Apart from the pictures, reproduce the data below exactly as it stands.

──────── RECORDS FOR THE EXERCISE ────────

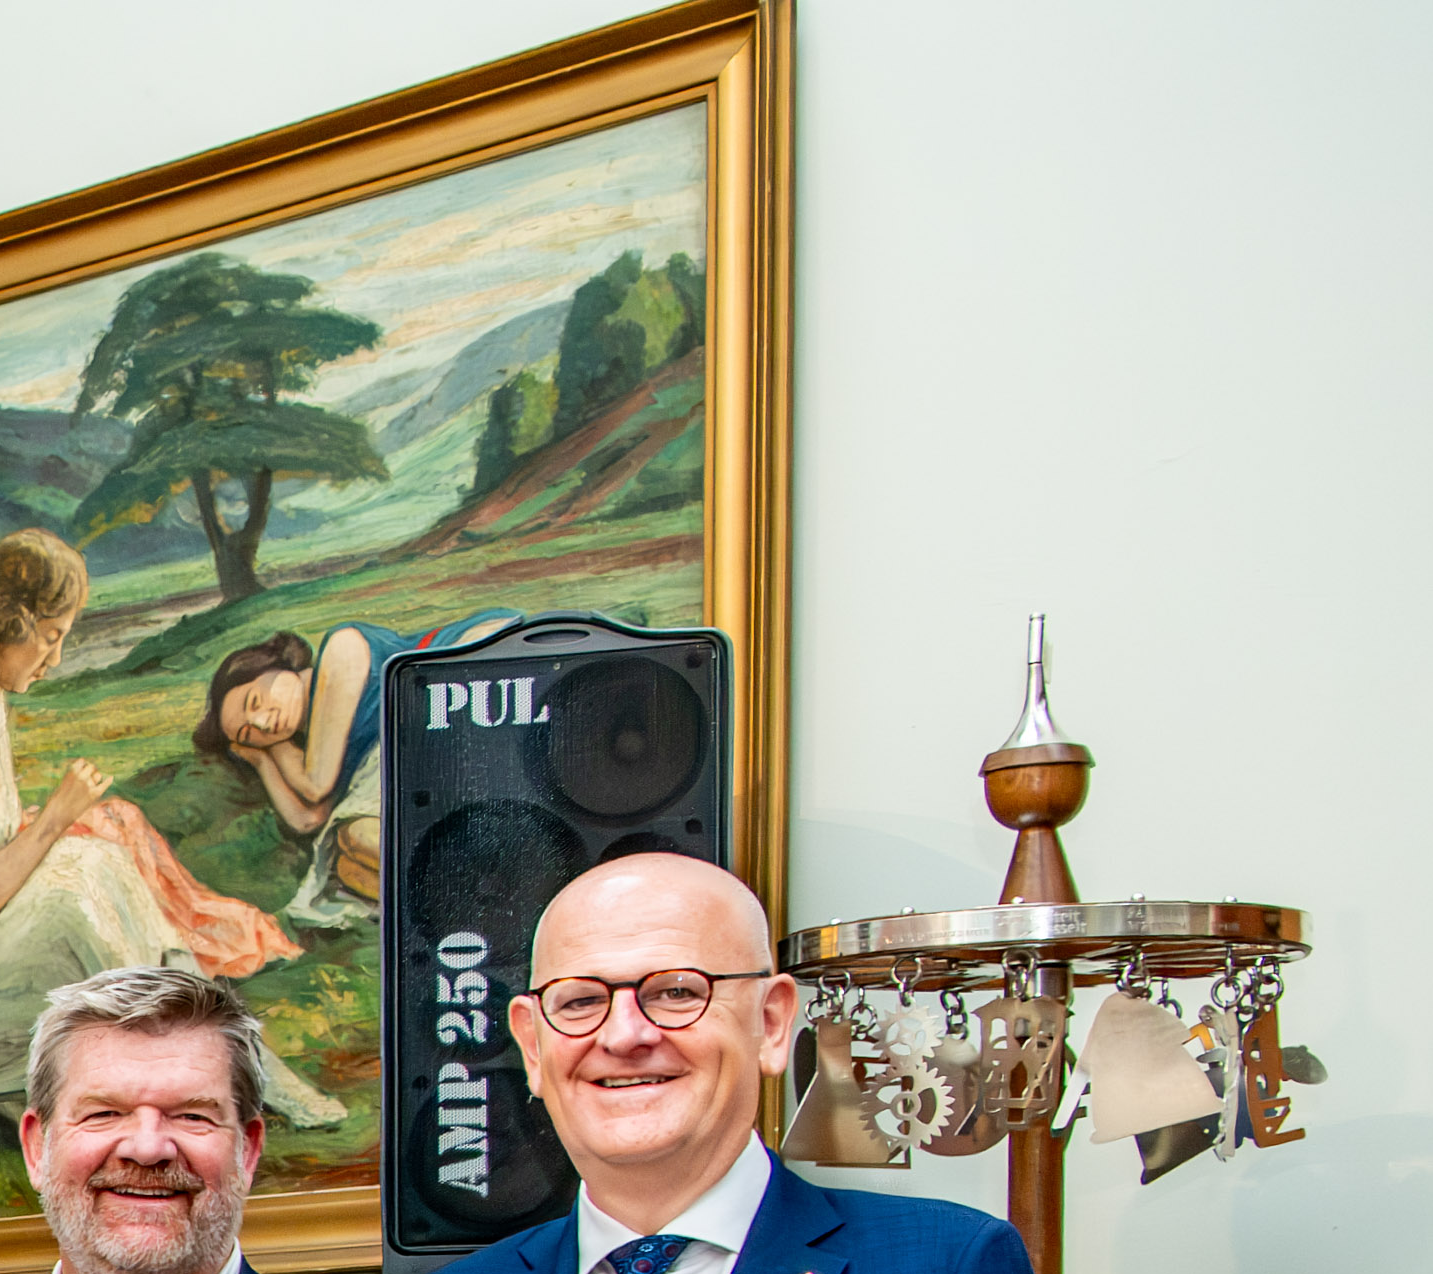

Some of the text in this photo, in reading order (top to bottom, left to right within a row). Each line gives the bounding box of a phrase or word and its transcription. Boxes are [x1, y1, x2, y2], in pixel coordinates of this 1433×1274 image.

[425, 676, 551, 731] PUL
[436, 931, 489, 1198] AMP 250
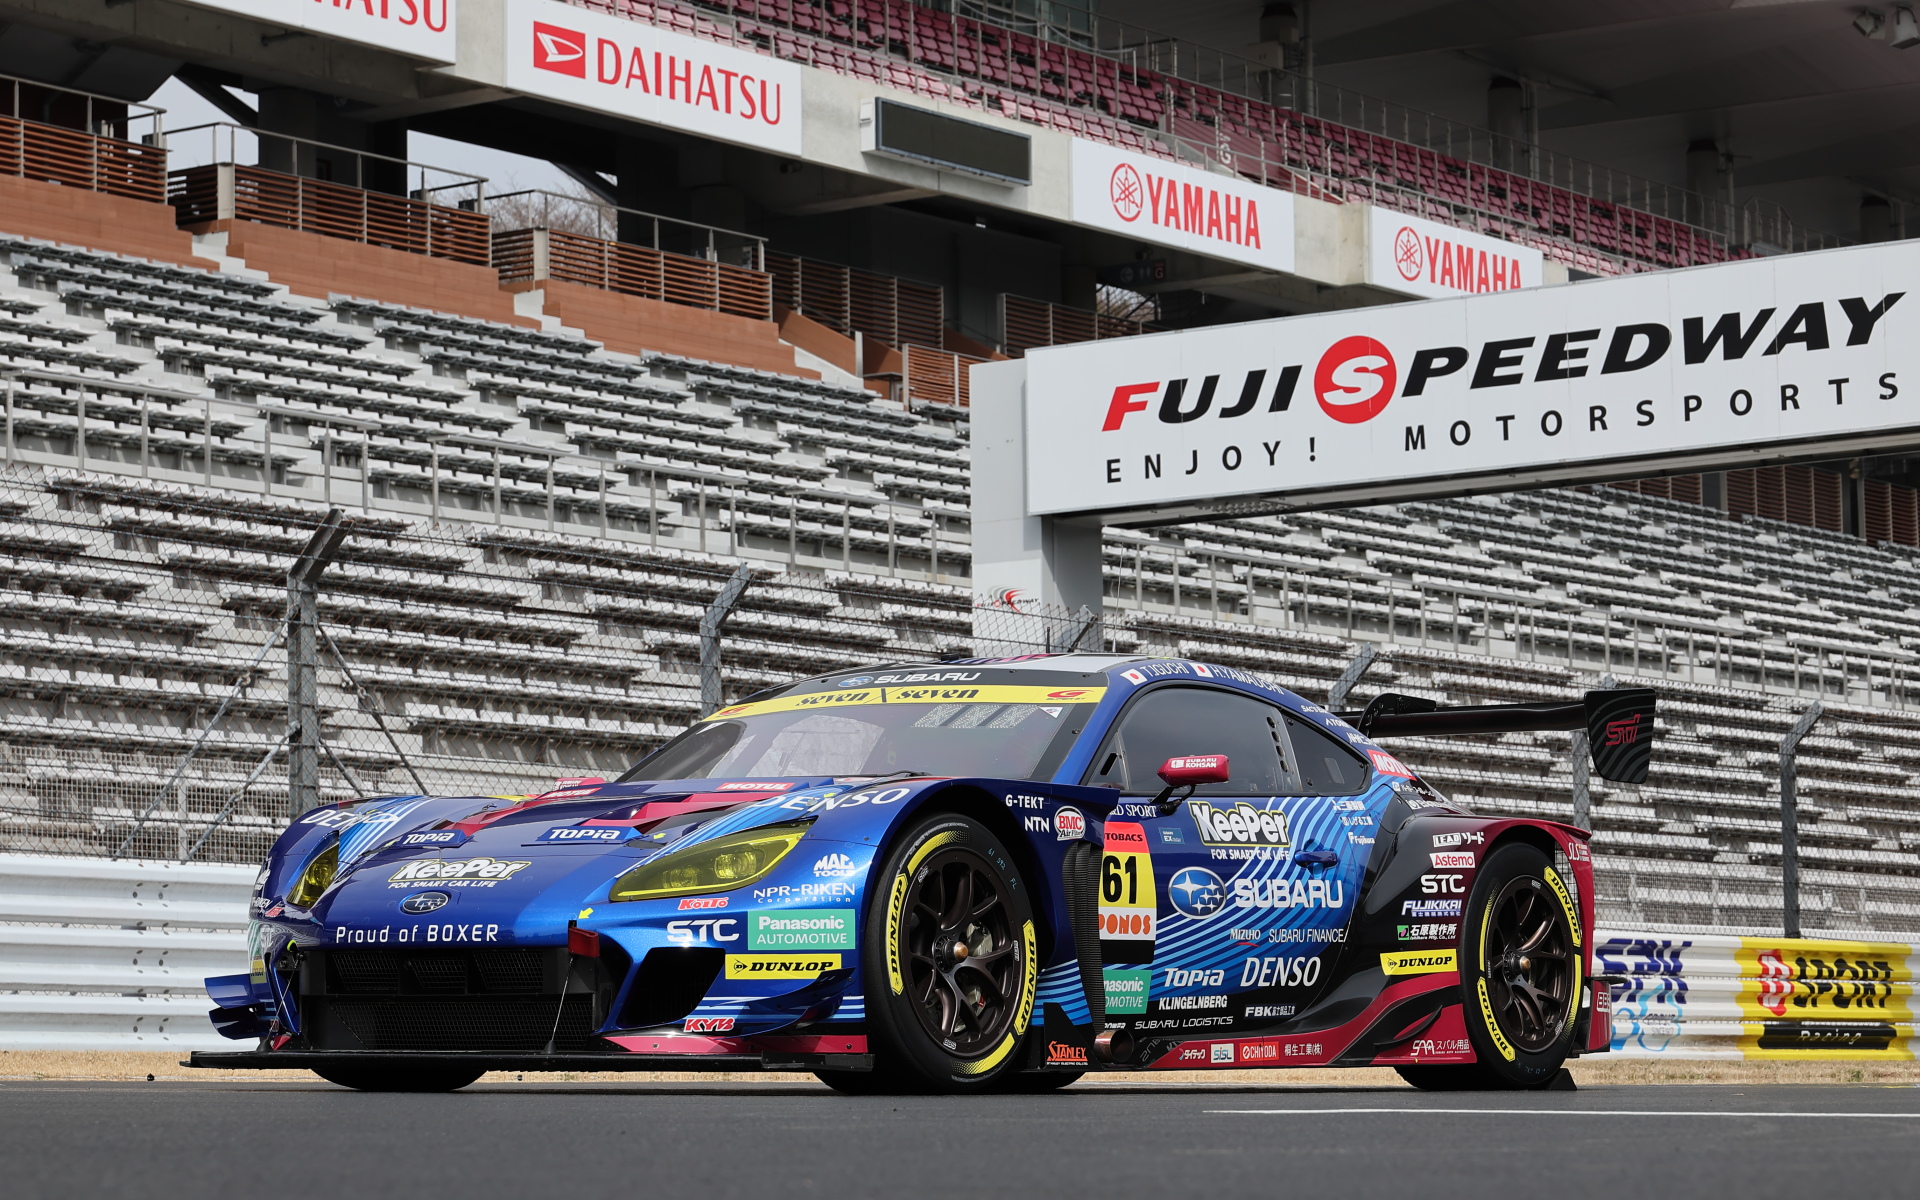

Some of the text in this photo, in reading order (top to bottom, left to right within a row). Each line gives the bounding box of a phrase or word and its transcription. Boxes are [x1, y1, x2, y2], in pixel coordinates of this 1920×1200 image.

[597, 38, 781, 126] DAIHATSU
[1146, 173, 1262, 250] YAMAHA
[1425, 235, 1522, 294] YAMAHA
[1102, 292, 1907, 432] FUJI SPEEDWAY
[1106, 372, 1899, 484] ENJOY! MOTORSPORTS
[874, 672, 981, 684] SUBARU
[796, 690, 869, 706] seven
[896, 688, 979, 699] seven
[720, 782, 790, 791] MOTUL
[751, 788, 910, 812] DENSO
[1006, 794, 1045, 809] G-TEKT
[1125, 804, 1157, 817] SPORT
[1025, 816, 1050, 833] NTN
[1058, 816, 1082, 830] BMC
[1191, 804, 1288, 843] KeePer
[1105, 832, 1143, 842] TOBACS
[813, 853, 856, 870] MAC
[1211, 849, 1291, 860] FOR SMART CAR LIFE
[1435, 854, 1474, 867] Astemo
[392, 859, 527, 880] KeePer
[388, 880, 498, 889] FOR SMART CAR LIFE
[1102, 855, 1137, 905] 61
[1421, 875, 1466, 893] STC
[753, 883, 856, 898] NPR-RIKEN
[1234, 878, 1344, 909] SUBARU
[1401, 899, 1462, 916] FUJIKIKAI
[1550, 876, 1581, 940] DUNLOP
[666, 919, 740, 942] STC
[758, 916, 845, 930] Panasonic
[888, 878, 904, 976] DUNLOP
[1410, 923, 1457, 936] 石原製作所
[335, 923, 499, 944] Proud of BOXER
[757, 933, 847, 944] AUTOMOTIVE
[1230, 928, 1344, 943] MIZUHO SUBARU FINANCE
[749, 961, 834, 972] DUNLOP
[1398, 956, 1453, 968] DUNLOP
[1240, 956, 1321, 987] DENSO
[1021, 938, 1036, 1031] DUNLOP
[1104, 977, 1144, 992] nasonic
[1159, 995, 1228, 1011] KLINGELNBERG
[1245, 1006, 1273, 1017] FBK
[684, 1017, 736, 1033] KYB
[1135, 1016, 1234, 1030] SUBARU LOGISTICS
[1478, 982, 1508, 1054] DUNLOP
[1797, 1028, 1862, 1045] Racing
[1047, 1041, 1089, 1061] STANLEY
[1250, 1045, 1277, 1059] CHIYODA
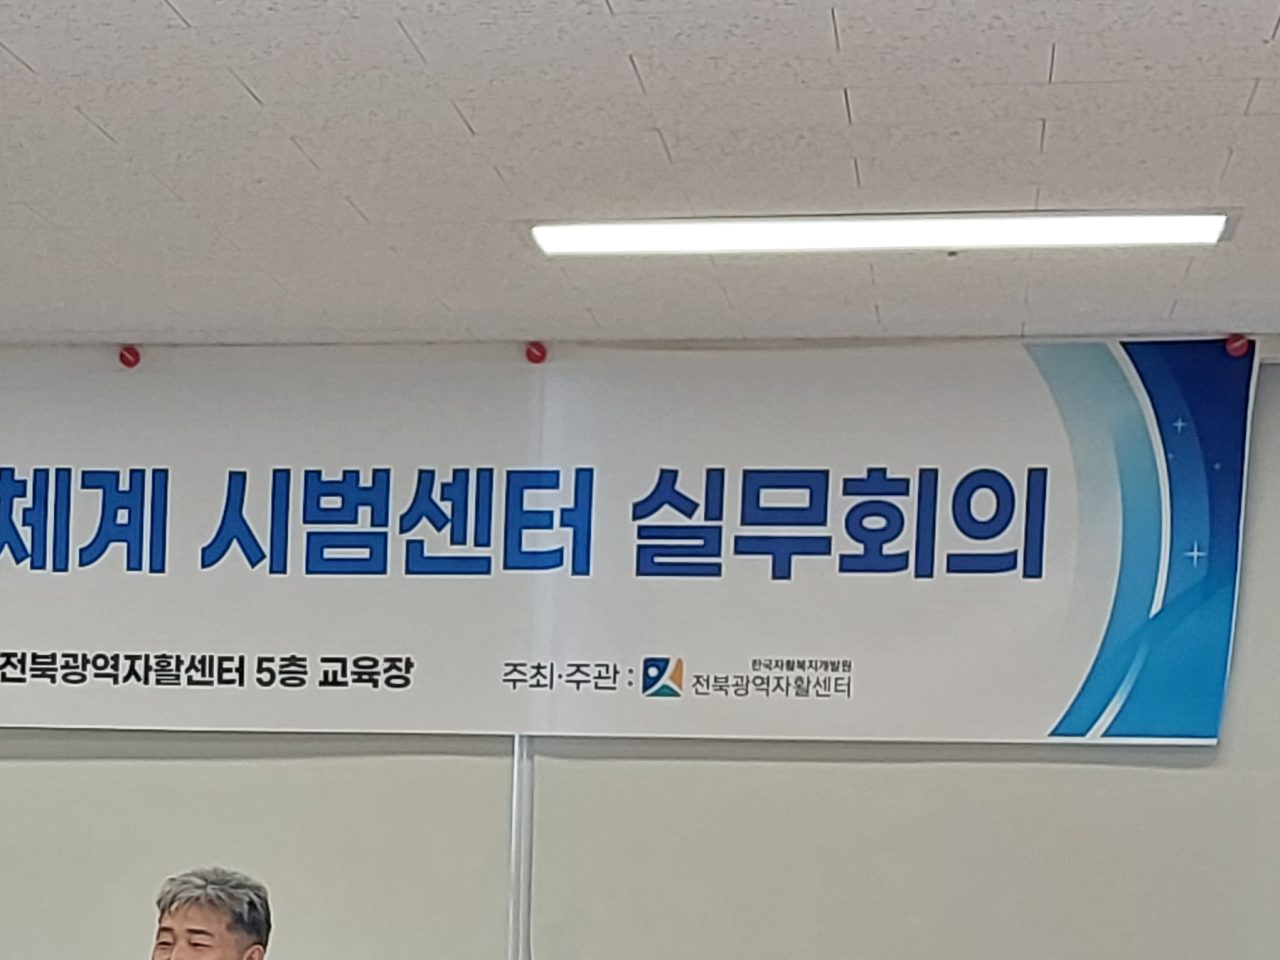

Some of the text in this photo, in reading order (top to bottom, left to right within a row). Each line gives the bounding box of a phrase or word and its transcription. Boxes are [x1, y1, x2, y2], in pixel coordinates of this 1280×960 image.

────────

RESPONSE FOR THIS EXERCISE:
Some of the text in this photo, in reading order (top to bottom, left to right within a row). Each line gives the bounding box of a phrase or word and its transcription. Boxes are [x1, y1, x2, y2], in pixel coordinates of this 1433×1274 image.

[425, 676, 551, 731] PUL
[436, 931, 489, 1198] AMP 250

Some of the text in this photo, in reading order (top to bottom, left to right within a row). Each line gives the bounding box of a phrase or word and its transcription. Boxes are [x1, y1, x2, y2], in pixel coordinates of this 1920×1200 image.

[597, 38, 781, 126] DAIHATSU
[1146, 173, 1262, 250] YAMAHA
[1425, 235, 1522, 294] YAMAHA
[1102, 292, 1907, 432] FUJI SPEEDWAY
[1106, 372, 1899, 484] ENJOY! MOTORSPORTS
[874, 672, 981, 684] SUBARU
[796, 690, 869, 706] seven
[896, 688, 979, 699] seven
[720, 782, 790, 791] MOTUL
[751, 788, 910, 812] DENSO
[1006, 794, 1045, 809] G-TEKT
[1125, 804, 1157, 817] SPORT
[1025, 816, 1050, 833] NTN
[1058, 816, 1082, 830] BMC
[1191, 804, 1288, 843] KeePer
[1105, 832, 1143, 842] TOBACS
[813, 853, 856, 870] MAC
[1211, 849, 1291, 860] FOR SMART CAR LIFE
[1435, 854, 1474, 867] Astemo
[392, 859, 527, 880] KeePer
[388, 880, 498, 889] FOR SMART CAR LIFE
[1102, 855, 1137, 905] 61
[1421, 875, 1466, 893] STC
[753, 883, 856, 898] NPR-RIKEN
[1234, 878, 1344, 909] SUBARU
[1401, 899, 1462, 916] FUJIKIKAI
[1550, 876, 1581, 940] DUNLOP
[666, 919, 740, 942] STC
[758, 916, 845, 930] Panasonic
[888, 878, 904, 976] DUNLOP
[1410, 923, 1457, 936] 石原製作所
[335, 923, 499, 944] Proud of BOXER
[757, 933, 847, 944] AUTOMOTIVE
[1230, 928, 1344, 943] MIZUHO SUBARU FINANCE
[749, 961, 834, 972] DUNLOP
[1398, 956, 1453, 968] DUNLOP
[1240, 956, 1321, 987] DENSO
[1021, 938, 1036, 1031] DUNLOP
[1104, 977, 1144, 992] nasonic
[1159, 995, 1228, 1011] KLINGELNBERG
[1245, 1006, 1273, 1017] FBK
[684, 1017, 736, 1033] KYB
[1135, 1016, 1234, 1030] SUBARU LOGISTICS
[1478, 982, 1508, 1054] DUNLOP
[1797, 1028, 1862, 1045] Racing
[1047, 1041, 1089, 1061] STANLEY
[1250, 1045, 1277, 1059] CHIYODA

Some of the text in this photo, in reading order (top to bottom, left to right within a row). Each line gives the bounding box of a phrase or word and its transcription. Boxes are [x1, y1, x2, y2], in pixel coordinates of this 1280×960 image.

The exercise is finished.